Zbyt bliskie spotkania z Inspektoratem Magicznym

43 12 13
                                    

Dzień był piękny i słoneczny, pełen fal gorąca wywołujących lawinę narzekań na parną pogodę oraz pojawienie się mrożonej herbaty i kawy w kuchni. Letnia rozleniwiona atmosfera przypominała raczej Grecję w czasie sjesty niż Polskę w niemiłosierne południe. Nic nie zapowiadało skradającej się po cichutku katastrofy.

Petronella oddawała się lekturze romansów autorstwa Jane Austen w ramach odrobiny czasu dla siebie.

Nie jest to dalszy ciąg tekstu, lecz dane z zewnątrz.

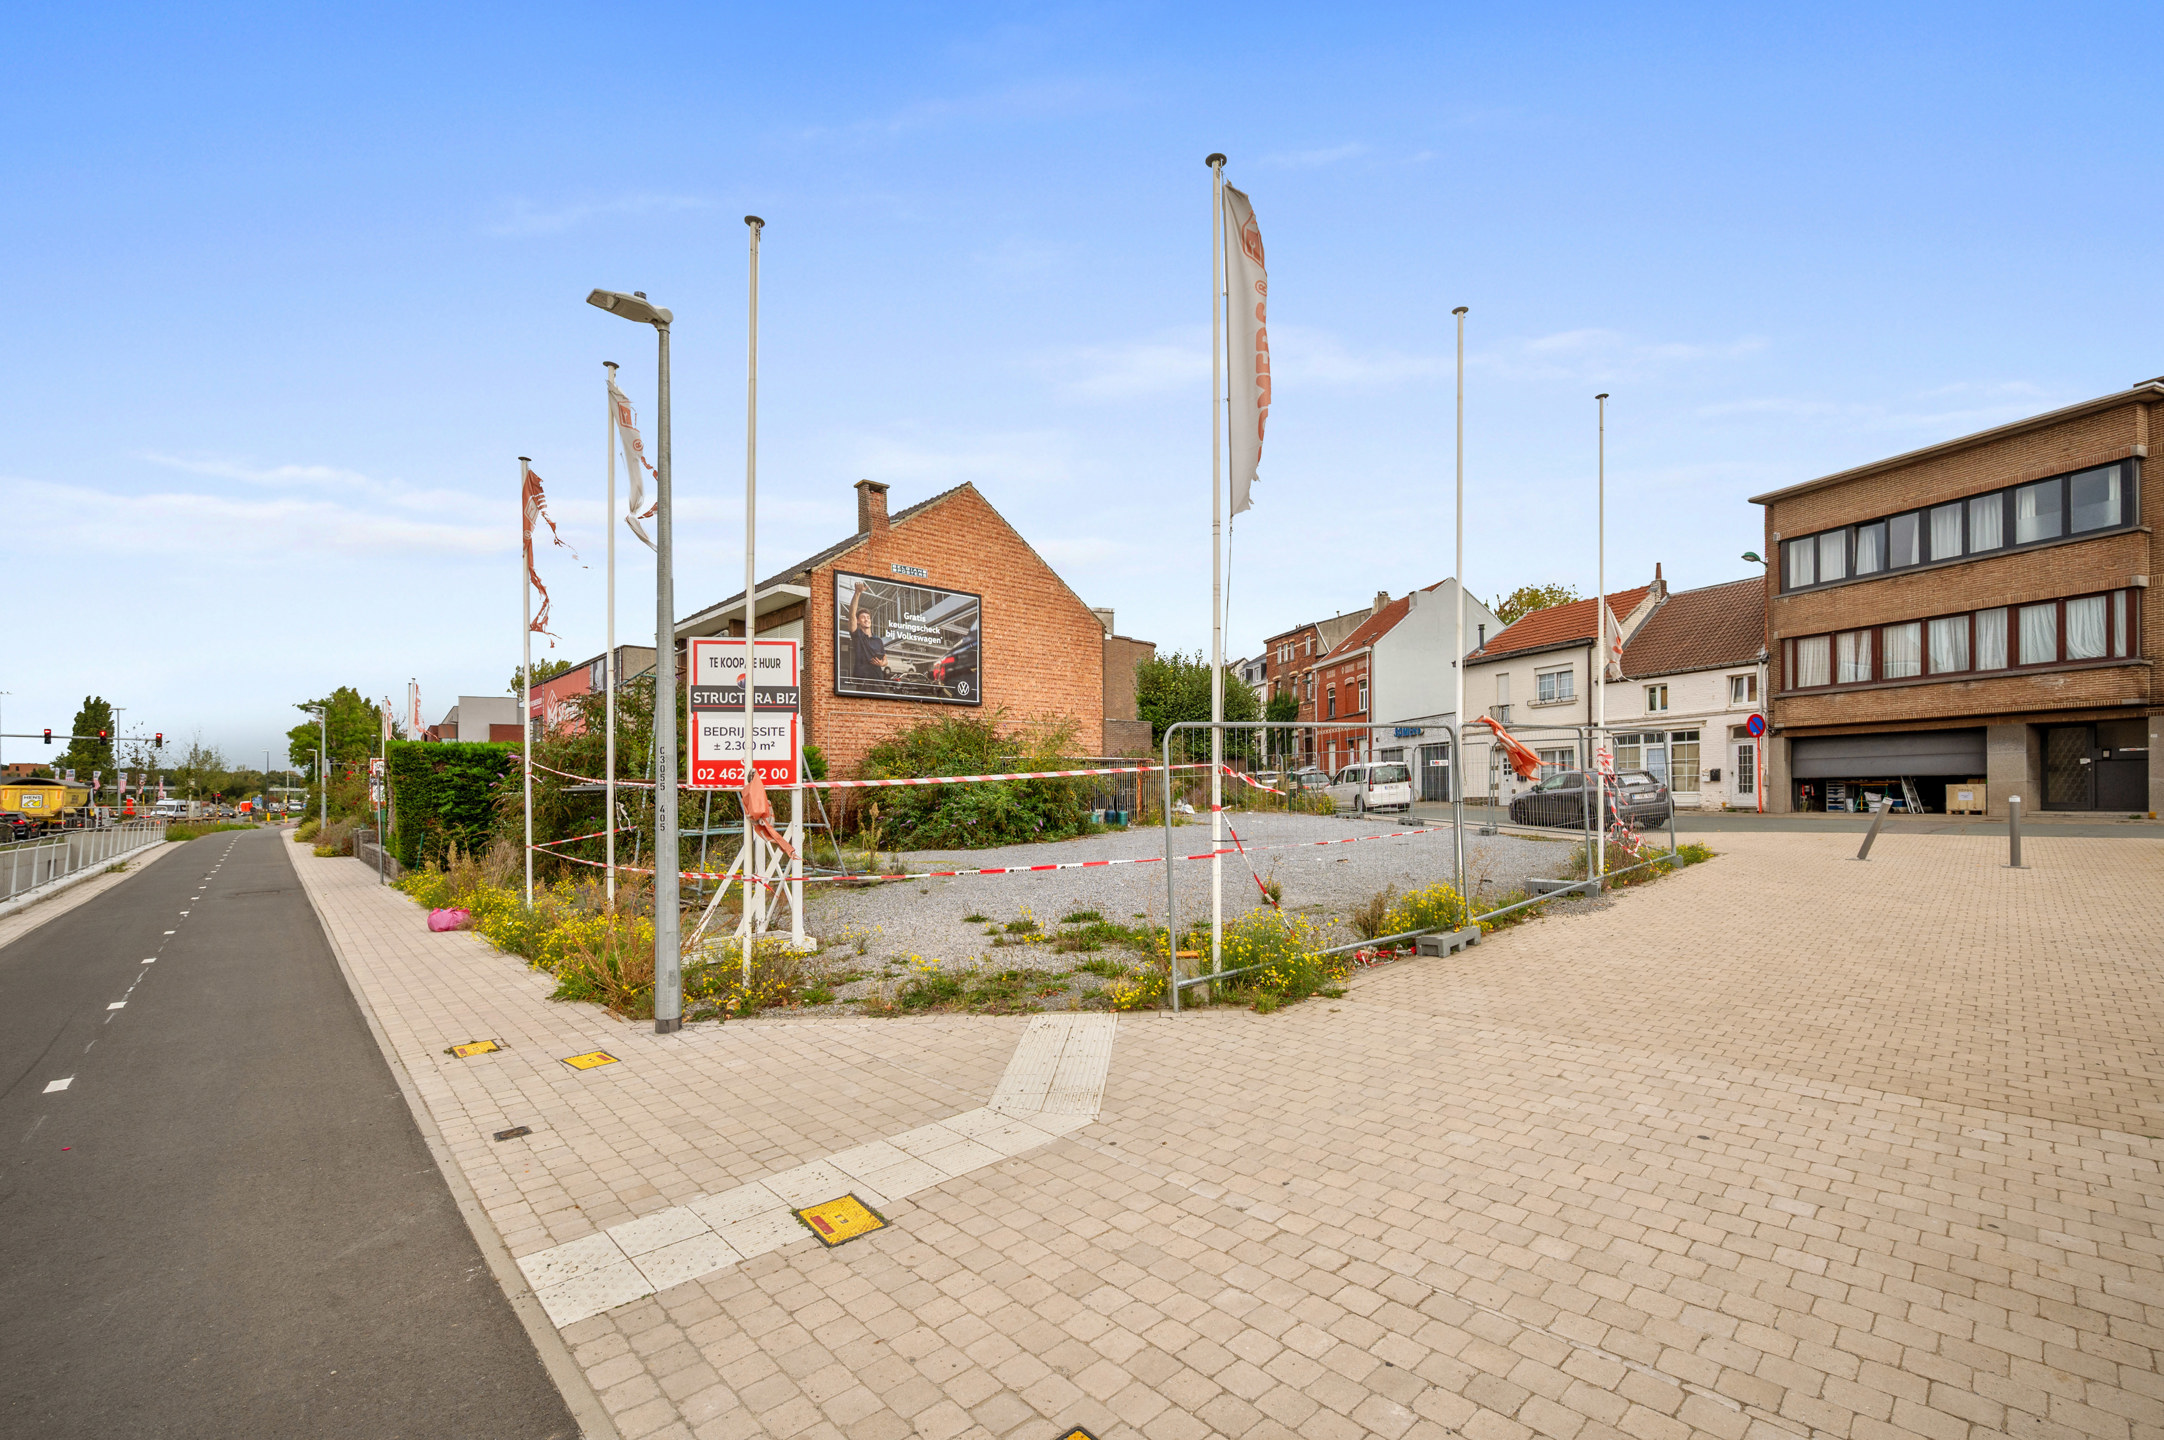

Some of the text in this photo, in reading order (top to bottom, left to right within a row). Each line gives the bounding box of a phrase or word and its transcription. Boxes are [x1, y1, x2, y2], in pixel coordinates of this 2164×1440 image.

[903, 612, 926, 622] Gratis
[888, 619, 941, 635] keuringscheck
[885, 629, 896, 641] bij
[709, 657, 718, 668] TE
[759, 658, 781, 669] HUUR
[693, 691, 797, 705] STRUCTRA.BIZ
[703, 726, 786, 739] BEDRIJSSITE
[760, 741, 775, 751] m²
[697, 768, 715, 780] 02
[719, 768, 745, 780] 462
[770, 767, 789, 780] 00
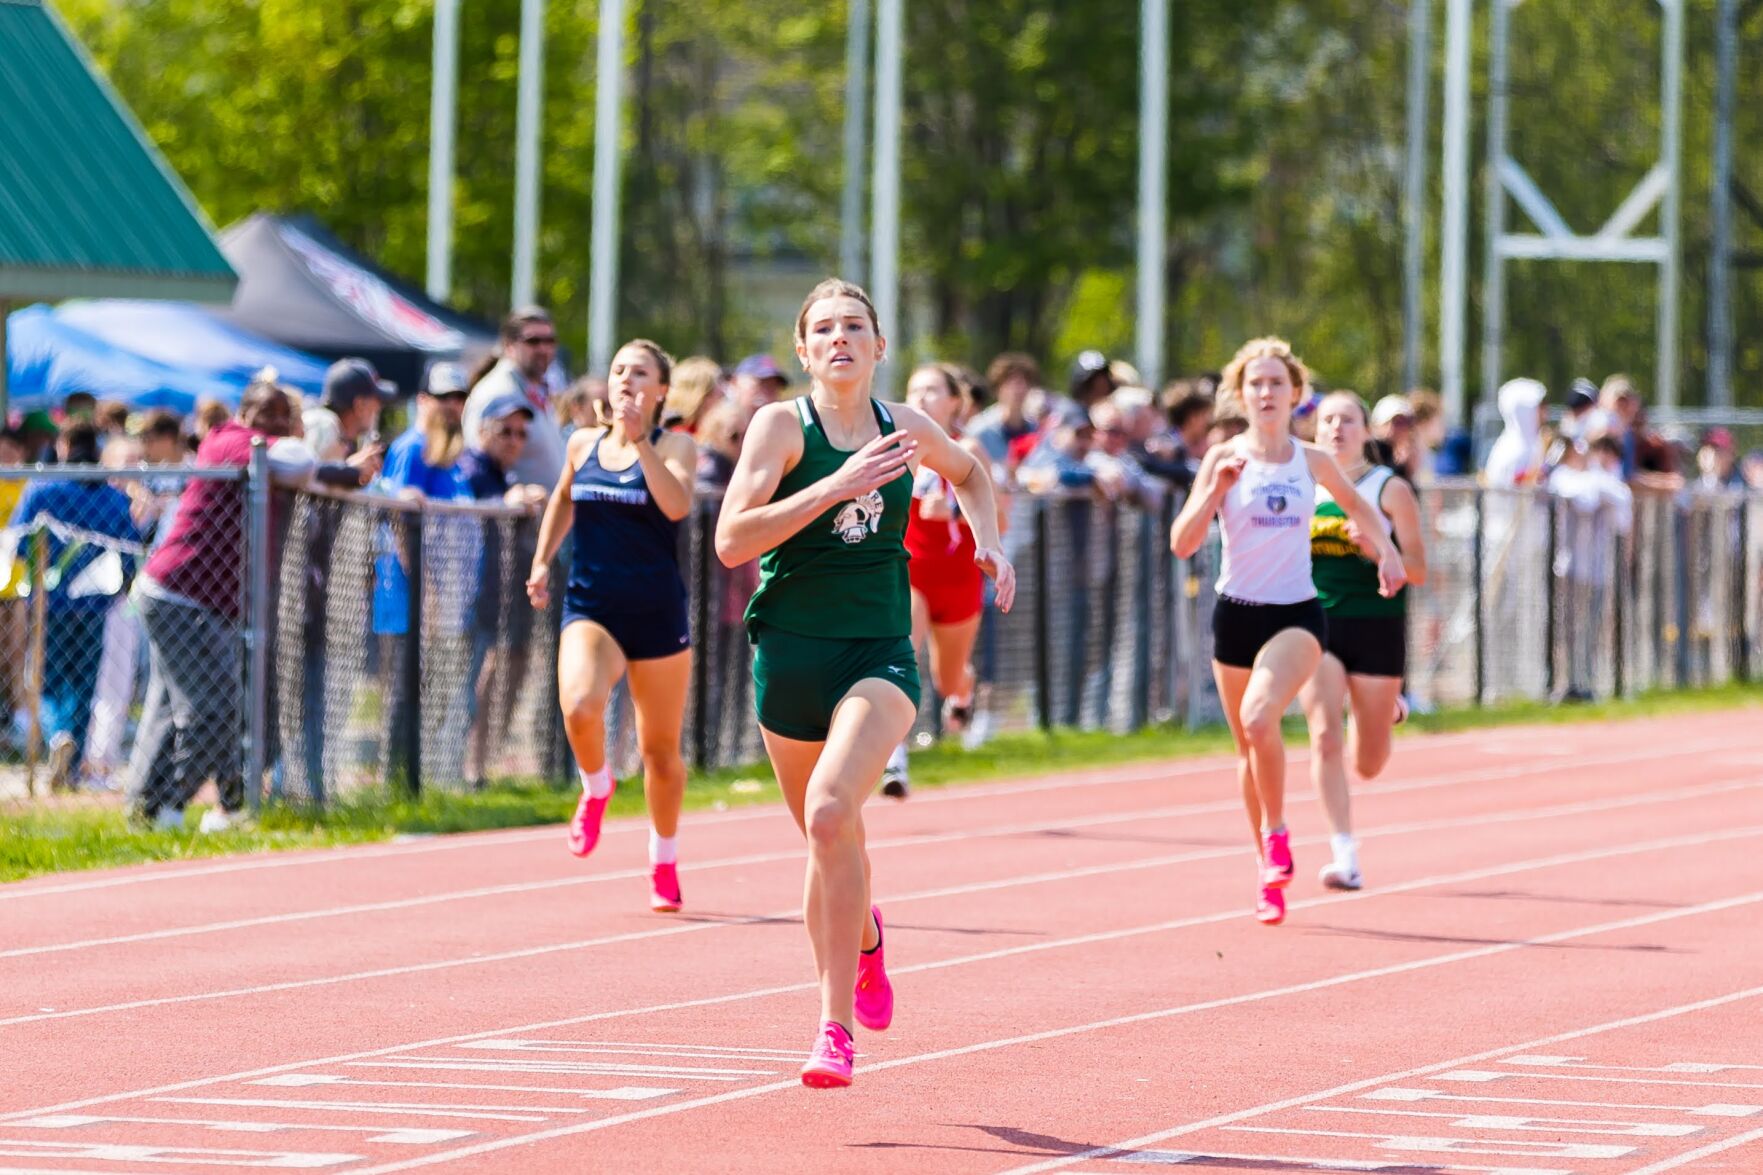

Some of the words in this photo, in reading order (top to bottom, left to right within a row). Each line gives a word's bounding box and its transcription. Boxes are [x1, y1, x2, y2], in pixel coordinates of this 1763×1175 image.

[870, 492, 882, 518] REL
[0, 1038, 867, 1175] UNIVER
[1055, 1054, 1763, 1175] SLIPPE

Mieczysław został wrobiony przez swoje siostrzyczki w znienawidzone zmywanie naczyń. Felicja przebrana w obcisłe legginsy z łatwością gięła się na macie w niewygodnych pozycjach joginów. Towarzyszyła jej przy tym najbardziej spragniona uwagi w tym domu Menda, jej chowaniec. Zwierzątko kształtem przypominało małego pustynnego lisa, miało podobne wymiary i urocze spiczaste uszka. Jej futro przybrało odcień głębokiego fioletu przeplatającego się z jaśniejszymi refleksami. Oczy lisa, osłonięte niebotycznie długimi rzęsami, skrywały liczne gwiezdne konstelacje jaśniejące subtelnym, białym blaskiem. Na czole magicznego zwierzątka jaśniał liliowy sierp księżyca. Menda z ciekawością krążyła między nogami swojej właścicielki.

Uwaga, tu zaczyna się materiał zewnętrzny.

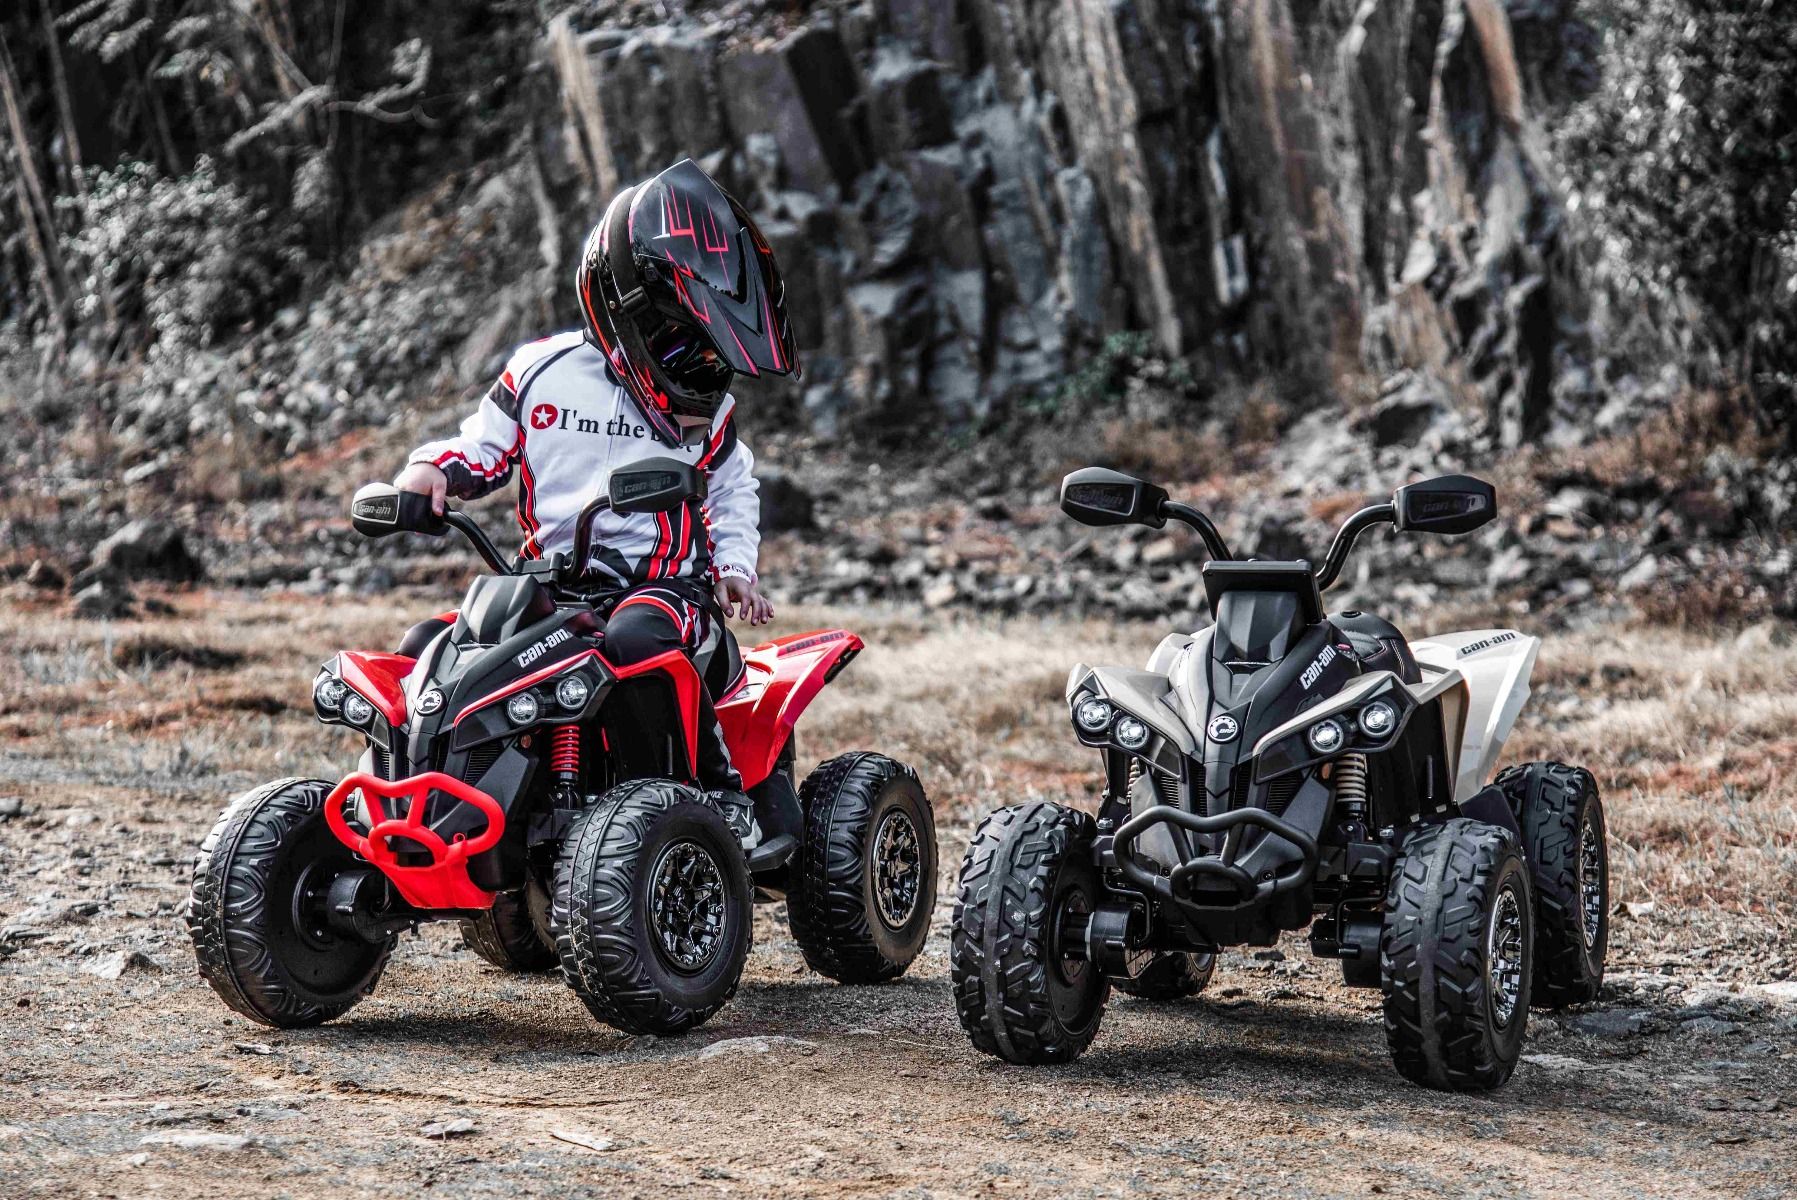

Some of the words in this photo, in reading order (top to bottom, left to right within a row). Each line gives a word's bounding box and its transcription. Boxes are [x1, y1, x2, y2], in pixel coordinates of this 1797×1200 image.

[558, 408, 599, 434] I'm
[606, 414, 645, 438] the
[517, 627, 568, 669] can-am
[1461, 632, 1516, 655] can-am
[1300, 644, 1337, 690] can-am

Jak na typowe popołudnie w domu rodziny Gwiazd przystało wszystko oczekiwało na element przełamania spokoju. Petronella, już gdzieś tam z tyłu głowy, wiedziała, że zaraz wszystko się zacznie. Nie była jeszcze świadoma co, jednak pojawienie się kłopotów wydawało się oczywistym. Problemy natury nadnaturalnej sprowadzały do tego domu różne indywidua.

Tym razem owe indywiduum miało postać Martynka. Ciche kliknięcie otwieranego zamka zbudziło czujność Mendy, która opuściła na moment swoją panią, a ta nie przejęła się tym. Choć z wyglądu chowaniec przypominał lisa, to z temperamentu bliżej było mu do kota. W zależności od humoru albo dopraszała się o dzienną dawkę przytulasków i pieszczot od swojej właścicielki albo znikała, stając się malutkim kłębuszkiem utkanym z czystej nocy. Skradając się pełna podejrzliwości wymknęła się do wiatrołapu.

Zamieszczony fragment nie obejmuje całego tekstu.